*** Exercise inputs Section Begins ***

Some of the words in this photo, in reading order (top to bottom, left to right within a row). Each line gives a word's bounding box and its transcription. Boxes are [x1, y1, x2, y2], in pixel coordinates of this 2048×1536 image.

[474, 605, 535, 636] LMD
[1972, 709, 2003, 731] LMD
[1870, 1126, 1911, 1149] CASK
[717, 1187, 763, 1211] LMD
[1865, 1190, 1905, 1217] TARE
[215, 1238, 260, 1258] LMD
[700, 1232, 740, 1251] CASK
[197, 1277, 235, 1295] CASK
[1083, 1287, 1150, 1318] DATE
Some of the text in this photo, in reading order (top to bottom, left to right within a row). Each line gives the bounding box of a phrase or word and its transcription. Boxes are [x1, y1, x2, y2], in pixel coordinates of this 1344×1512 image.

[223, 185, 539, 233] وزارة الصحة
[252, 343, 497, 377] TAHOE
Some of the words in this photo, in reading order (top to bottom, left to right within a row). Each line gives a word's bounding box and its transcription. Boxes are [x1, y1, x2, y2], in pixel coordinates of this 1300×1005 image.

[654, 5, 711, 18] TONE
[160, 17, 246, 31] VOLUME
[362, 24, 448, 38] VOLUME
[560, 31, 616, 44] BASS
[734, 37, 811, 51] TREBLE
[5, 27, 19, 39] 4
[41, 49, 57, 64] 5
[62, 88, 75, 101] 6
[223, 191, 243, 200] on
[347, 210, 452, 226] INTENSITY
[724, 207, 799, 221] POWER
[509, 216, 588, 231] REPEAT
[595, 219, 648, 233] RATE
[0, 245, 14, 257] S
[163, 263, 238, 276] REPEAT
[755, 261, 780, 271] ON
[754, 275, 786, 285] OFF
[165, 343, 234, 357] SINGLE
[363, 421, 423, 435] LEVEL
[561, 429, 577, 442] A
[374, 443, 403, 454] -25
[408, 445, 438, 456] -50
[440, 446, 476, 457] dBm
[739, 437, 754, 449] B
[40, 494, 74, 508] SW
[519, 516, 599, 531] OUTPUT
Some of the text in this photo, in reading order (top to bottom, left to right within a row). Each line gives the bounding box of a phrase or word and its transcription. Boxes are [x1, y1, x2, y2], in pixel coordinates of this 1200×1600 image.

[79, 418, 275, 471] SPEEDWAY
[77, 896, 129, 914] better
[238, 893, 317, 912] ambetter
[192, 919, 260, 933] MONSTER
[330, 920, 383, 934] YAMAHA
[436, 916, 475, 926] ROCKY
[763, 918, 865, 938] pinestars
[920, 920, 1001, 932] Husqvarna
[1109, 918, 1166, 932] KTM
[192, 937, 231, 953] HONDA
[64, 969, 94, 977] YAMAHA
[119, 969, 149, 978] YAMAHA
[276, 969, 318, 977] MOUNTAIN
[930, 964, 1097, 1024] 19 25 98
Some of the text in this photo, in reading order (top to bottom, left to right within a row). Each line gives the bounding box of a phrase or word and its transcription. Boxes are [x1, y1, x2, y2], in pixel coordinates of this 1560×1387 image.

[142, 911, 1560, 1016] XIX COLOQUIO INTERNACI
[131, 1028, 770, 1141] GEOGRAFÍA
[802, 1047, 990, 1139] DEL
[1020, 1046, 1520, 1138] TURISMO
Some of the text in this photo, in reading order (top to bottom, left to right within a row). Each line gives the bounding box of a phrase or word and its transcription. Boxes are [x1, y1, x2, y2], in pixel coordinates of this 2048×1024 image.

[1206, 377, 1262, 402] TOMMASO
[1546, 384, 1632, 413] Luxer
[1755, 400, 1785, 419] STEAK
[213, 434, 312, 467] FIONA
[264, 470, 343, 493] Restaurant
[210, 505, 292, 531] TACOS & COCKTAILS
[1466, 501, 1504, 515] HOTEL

*** Exercise inputs Section Ends ***

Requirement:
Copy out the data shown above without altering anything.

Output for this task:
Some of the words in this photo, in reading order (top to bottom, left to right within a row). Each line gives a word's bounding box and its transcription. Boxes are [x1, y1, x2, y2], in pixel coordinates of this 2048×1536 image.

[474, 605, 535, 636] LMD
[1972, 709, 2003, 731] LMD
[1870, 1126, 1911, 1149] CASK
[717, 1187, 763, 1211] LMD
[1865, 1190, 1905, 1217] TARE
[215, 1238, 260, 1258] LMD
[700, 1232, 740, 1251] CASK
[197, 1277, 235, 1295] CASK
[1083, 1287, 1150, 1318] DATE
Some of the text in this photo, in reading order (top to bottom, left to right within a row). Each line gives the bounding box of a phrase or word and its transcription. Boxes are [x1, y1, x2, y2], in pixel coordinates of this 1344×1512 image.

[223, 185, 539, 233] وزارة الصحة
[252, 343, 497, 377] TAHOE
Some of the words in this photo, in reading order (top to bottom, left to right within a row). Each line gives a word's bounding box and its transcription. Boxes are [x1, y1, x2, y2], in pixel coordinates of this 1300×1005 image.

[654, 5, 711, 18] TONE
[160, 17, 246, 31] VOLUME
[362, 24, 448, 38] VOLUME
[560, 31, 616, 44] BASS
[734, 37, 811, 51] TREBLE
[5, 27, 19, 39] 4
[41, 49, 57, 64] 5
[62, 88, 75, 101] 6
[223, 191, 243, 200] on
[347, 210, 452, 226] INTENSITY
[724, 207, 799, 221] POWER
[509, 216, 588, 231] REPEAT
[595, 219, 648, 233] RATE
[0, 245, 14, 257] S
[163, 263, 238, 276] REPEAT
[755, 261, 780, 271] ON
[754, 275, 786, 285] OFF
[165, 343, 234, 357] SINGLE
[363, 421, 423, 435] LEVEL
[561, 429, 577, 442] A
[374, 443, 403, 454] -25
[408, 445, 438, 456] -50
[440, 446, 476, 457] dBm
[739, 437, 754, 449] B
[40, 494, 74, 508] SW
[519, 516, 599, 531] OUTPUT
Some of the text in this photo, in reading order (top to bottom, left to right within a row). Each line gives the bounding box of a phrase or word and its transcription. Boxes are [x1, y1, x2, y2], in pixel coordinates of this 1200×1600 image.

[79, 418, 275, 471] SPEEDWAY
[77, 896, 129, 914] better
[238, 893, 317, 912] ambetter
[192, 919, 260, 933] MONSTER
[330, 920, 383, 934] YAMAHA
[436, 916, 475, 926] ROCKY
[763, 918, 865, 938] pinestars
[920, 920, 1001, 932] Husqvarna
[1109, 918, 1166, 932] KTM
[192, 937, 231, 953] HONDA
[64, 969, 94, 977] YAMAHA
[119, 969, 149, 978] YAMAHA
[276, 969, 318, 977] MOUNTAIN
[930, 964, 1097, 1024] 19 25 98
Some of the text in this photo, in reading order (top to bottom, left to right within a row). Each line gives the bounding box of a phrase or word and its transcription. Boxes are [x1, y1, x2, y2], in pixel coordinates of this 1560×1387 image.

[142, 911, 1560, 1016] XIX COLOQUIO INTERNACI
[131, 1028, 770, 1141] GEOGRAFÍA
[802, 1047, 990, 1139] DEL
[1020, 1046, 1520, 1138] TURISMO
Some of the text in this photo, in reading order (top to bottom, left to right within a row). Each line gives the bounding box of a phrase or word and its transcription. Boxes are [x1, y1, x2, y2], in pixel coordinates of this 2048×1024 image.

[1206, 377, 1262, 402] TOMMASO
[1546, 384, 1632, 413] Luxer
[1755, 400, 1785, 419] STEAK
[213, 434, 312, 467] FIONA
[264, 470, 343, 493] Restaurant
[210, 505, 292, 531] TACOS & COCKTAILS
[1466, 501, 1504, 515] HOTEL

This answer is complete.